===== SOURCE DATA =====
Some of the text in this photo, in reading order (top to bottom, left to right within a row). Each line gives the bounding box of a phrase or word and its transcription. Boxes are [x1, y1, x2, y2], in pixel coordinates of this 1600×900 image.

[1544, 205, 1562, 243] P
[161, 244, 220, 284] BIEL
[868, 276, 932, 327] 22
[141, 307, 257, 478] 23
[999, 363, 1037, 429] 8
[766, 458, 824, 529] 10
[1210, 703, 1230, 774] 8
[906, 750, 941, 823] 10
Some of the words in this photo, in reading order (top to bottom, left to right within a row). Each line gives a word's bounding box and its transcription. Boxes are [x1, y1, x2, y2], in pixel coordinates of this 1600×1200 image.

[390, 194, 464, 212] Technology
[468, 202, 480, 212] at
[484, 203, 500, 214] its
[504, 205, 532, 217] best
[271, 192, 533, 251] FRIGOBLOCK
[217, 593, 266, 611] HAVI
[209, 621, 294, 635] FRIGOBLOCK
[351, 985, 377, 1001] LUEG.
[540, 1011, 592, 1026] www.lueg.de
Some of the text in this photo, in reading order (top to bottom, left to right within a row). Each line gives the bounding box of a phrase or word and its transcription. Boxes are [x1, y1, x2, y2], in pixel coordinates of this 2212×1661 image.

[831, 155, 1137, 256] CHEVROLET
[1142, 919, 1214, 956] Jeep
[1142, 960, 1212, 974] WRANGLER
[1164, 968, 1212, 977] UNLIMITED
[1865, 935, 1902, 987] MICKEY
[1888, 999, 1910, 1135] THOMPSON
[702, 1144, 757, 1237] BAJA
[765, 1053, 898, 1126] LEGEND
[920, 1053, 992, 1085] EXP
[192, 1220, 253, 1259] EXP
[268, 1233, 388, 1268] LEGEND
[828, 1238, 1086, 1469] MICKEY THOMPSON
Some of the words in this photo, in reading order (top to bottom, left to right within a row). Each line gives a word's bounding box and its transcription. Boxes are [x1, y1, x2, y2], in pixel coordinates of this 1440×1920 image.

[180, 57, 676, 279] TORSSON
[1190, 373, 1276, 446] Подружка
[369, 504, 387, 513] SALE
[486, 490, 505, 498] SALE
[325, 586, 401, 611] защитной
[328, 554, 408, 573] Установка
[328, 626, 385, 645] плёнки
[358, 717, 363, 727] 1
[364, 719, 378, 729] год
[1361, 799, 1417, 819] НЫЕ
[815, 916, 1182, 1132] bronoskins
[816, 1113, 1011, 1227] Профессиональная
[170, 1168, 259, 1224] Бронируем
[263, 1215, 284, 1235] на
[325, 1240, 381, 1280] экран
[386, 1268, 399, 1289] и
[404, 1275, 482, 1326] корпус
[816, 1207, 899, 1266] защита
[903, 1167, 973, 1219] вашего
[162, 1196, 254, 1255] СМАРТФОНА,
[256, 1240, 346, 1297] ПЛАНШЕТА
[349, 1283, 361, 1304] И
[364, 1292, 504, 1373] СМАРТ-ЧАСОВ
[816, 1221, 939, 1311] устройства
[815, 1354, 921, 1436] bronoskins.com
=====
Repeat all the entries word for word.

■ SOLUTION:
Some of the text in this photo, in reading order (top to bottom, left to right within a row). Each line gives the bounding box of a phrase or word and its transcription. Boxes are [x1, y1, x2, y2], in pixel coordinates of this 1600×900 image.

[1544, 205, 1562, 243] P
[161, 244, 220, 284] BIEL
[868, 276, 932, 327] 22
[141, 307, 257, 478] 23
[999, 363, 1037, 429] 8
[766, 458, 824, 529] 10
[1210, 703, 1230, 774] 8
[906, 750, 941, 823] 10
Some of the words in this photo, in reading order (top to bottom, left to right within a row). Each line gives a word's bounding box and its transcription. Boxes are [x1, y1, x2, y2], in pixel coordinates of this 1600×1200 image.

[390, 194, 464, 212] Technology
[468, 202, 480, 212] at
[484, 203, 500, 214] its
[504, 205, 532, 217] best
[271, 192, 533, 251] FRIGOBLOCK
[217, 593, 266, 611] HAVI
[209, 621, 294, 635] FRIGOBLOCK
[351, 985, 377, 1001] LUEG.
[540, 1011, 592, 1026] www.lueg.de
Some of the text in this photo, in reading order (top to bottom, left to right within a row). Each line gives the bounding box of a phrase or word and its transcription. Boxes are [x1, y1, x2, y2], in pixel coordinates of this 2212×1661 image.

[831, 155, 1137, 256] CHEVROLET
[1142, 919, 1214, 956] Jeep
[1142, 960, 1212, 974] WRANGLER
[1164, 968, 1212, 977] UNLIMITED
[1865, 935, 1902, 987] MICKEY
[1888, 999, 1910, 1135] THOMPSON
[702, 1144, 757, 1237] BAJA
[765, 1053, 898, 1126] LEGEND
[920, 1053, 992, 1085] EXP
[192, 1220, 253, 1259] EXP
[268, 1233, 388, 1268] LEGEND
[828, 1238, 1086, 1469] MICKEY THOMPSON
Some of the words in this photo, in reading order (top to bottom, left to right within a row). Each line gives a word's bounding box and its transcription. Boxes are [x1, y1, x2, y2], in pixel coordinates of this 1440×1920 image.

[180, 57, 676, 279] TORSSON
[1190, 373, 1276, 446] Подружка
[369, 504, 387, 513] SALE
[486, 490, 505, 498] SALE
[325, 586, 401, 611] защитной
[328, 554, 408, 573] Установка
[328, 626, 385, 645] плёнки
[358, 717, 363, 727] 1
[364, 719, 378, 729] год
[1361, 799, 1417, 819] НЫЕ
[815, 916, 1182, 1132] bronoskins
[816, 1113, 1011, 1227] Профессиональная
[170, 1168, 259, 1224] Бронируем
[263, 1215, 284, 1235] на
[325, 1240, 381, 1280] экран
[386, 1268, 399, 1289] и
[404, 1275, 482, 1326] корпус
[816, 1207, 899, 1266] защита
[903, 1167, 973, 1219] вашего
[162, 1196, 254, 1255] СМАРТФОНА,
[256, 1240, 346, 1297] ПЛАНШЕТА
[349, 1283, 361, 1304] И
[364, 1292, 504, 1373] СМАРТ-ЧАСОВ
[816, 1221, 939, 1311] устройства
[815, 1354, 921, 1436] bronoskins.com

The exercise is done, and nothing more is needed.